Aim of the exercise
Print all of the records. Exclude the images.

Dataset entries:
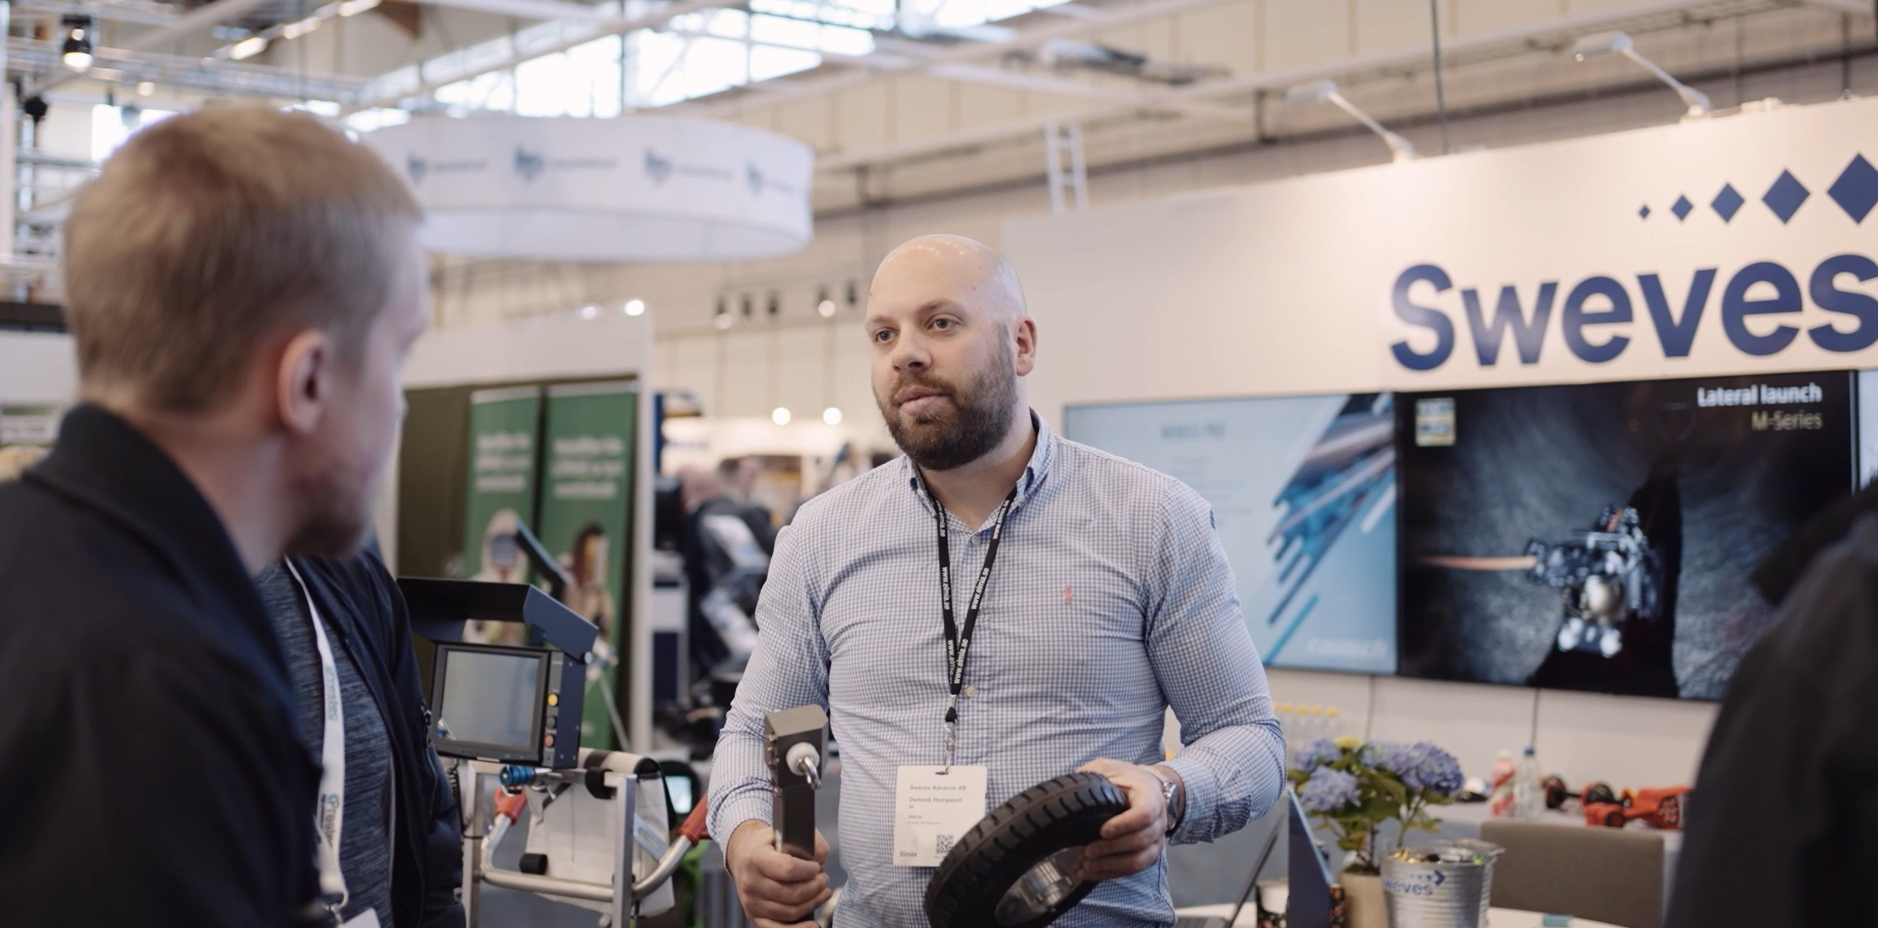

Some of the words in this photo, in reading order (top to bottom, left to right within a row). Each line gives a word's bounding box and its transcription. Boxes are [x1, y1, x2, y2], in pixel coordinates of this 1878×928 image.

[1390, 254, 1878, 371] Sweves
[1697, 384, 1758, 407] Lateral
[1761, 382, 1822, 404] launch
[1751, 410, 1822, 431] M-Series
[942, 566, 951, 610] www.elmia.se
[970, 567, 989, 610] www.elmia.se
[954, 638, 969, 684] www.elmia.se
[1382, 880, 1433, 896] weves
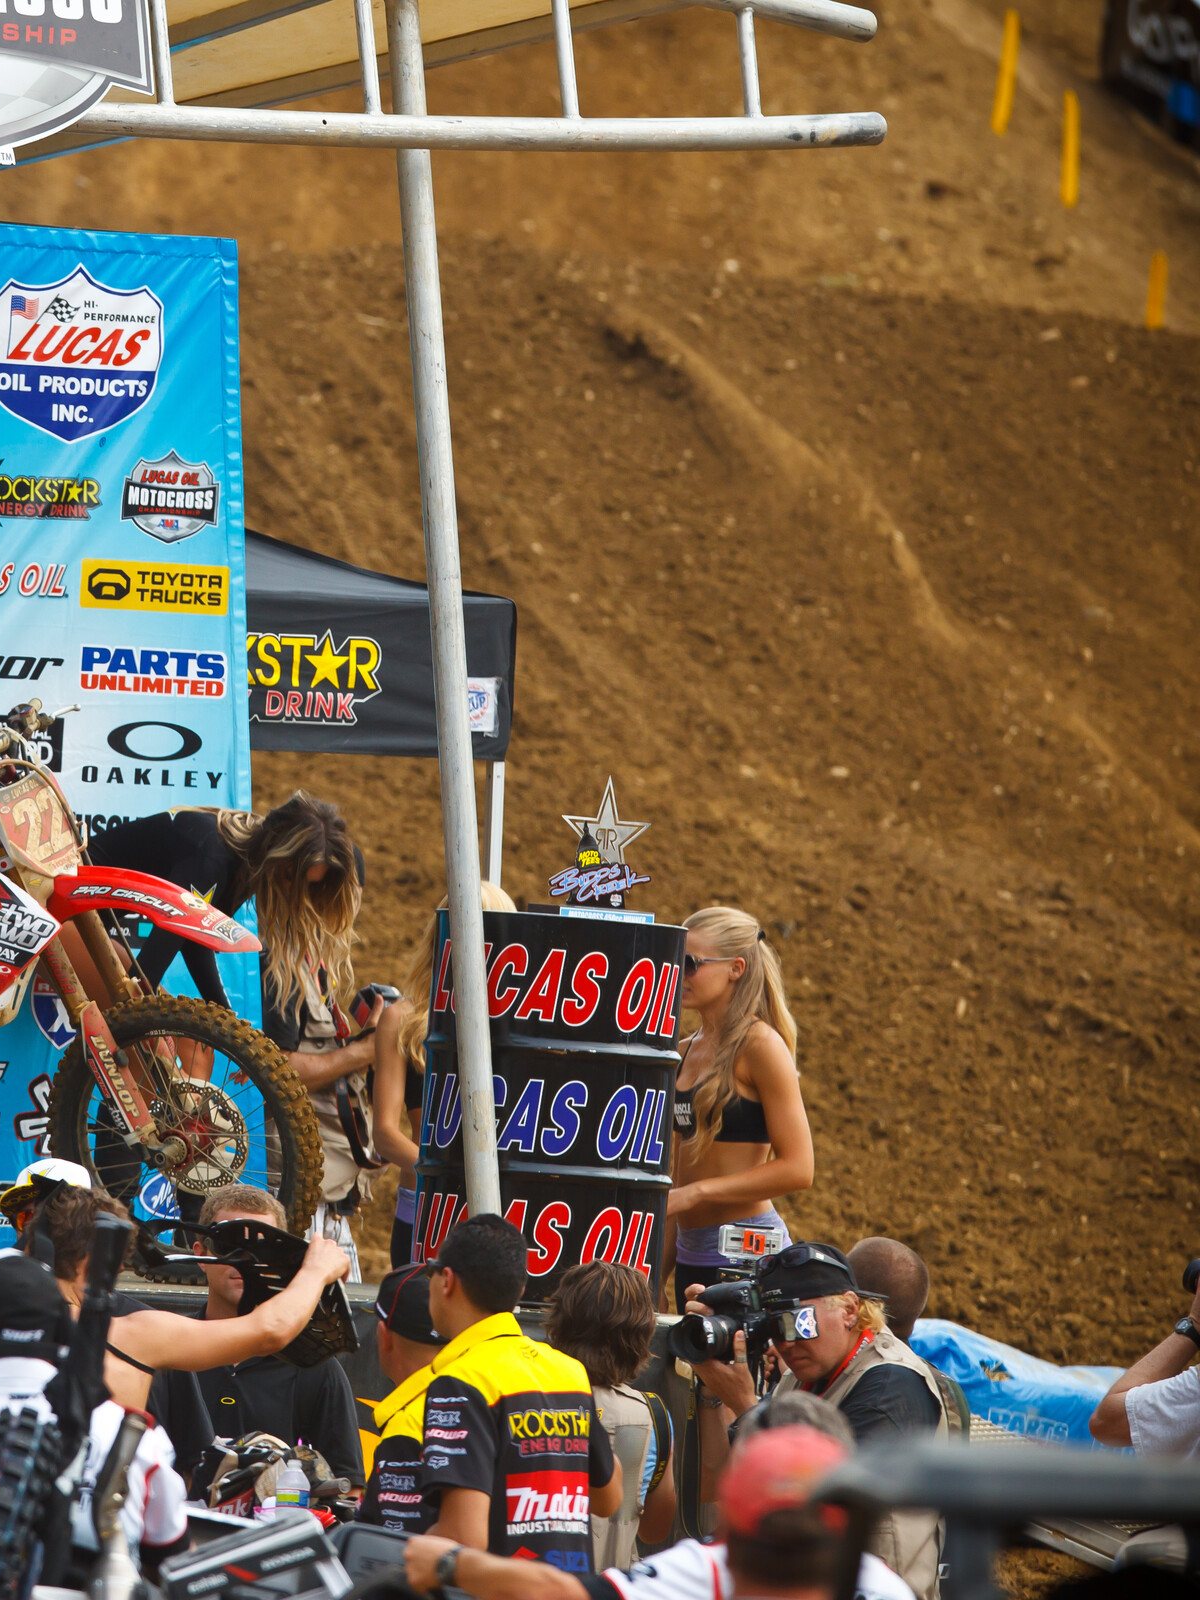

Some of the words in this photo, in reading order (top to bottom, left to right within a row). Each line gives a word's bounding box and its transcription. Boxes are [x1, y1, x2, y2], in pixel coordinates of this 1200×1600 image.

Result of this exercise
Some of the words in this photo, in reading order (top to bottom, left to right within a row). Each line gives a word's bounding box and its transcription. Boxes are [x1, y1, x2, y2], in pixel coordinates of this 1878×928 image.

[1390, 254, 1878, 371] Sweves
[1697, 384, 1758, 407] Lateral
[1761, 382, 1822, 404] launch
[1751, 410, 1822, 431] M-Series
[942, 566, 951, 610] www.elmia.se
[970, 567, 989, 610] www.elmia.se
[954, 638, 969, 684] www.elmia.se
[1382, 880, 1433, 896] weves

Some of the words in this photo, in reading order (top to bottom, left to right within a row). Each line gives a word's bounding box and its transcription. Boxes are [x1, y1, x2, y2], in pixel coordinates of this 1200×1600 image.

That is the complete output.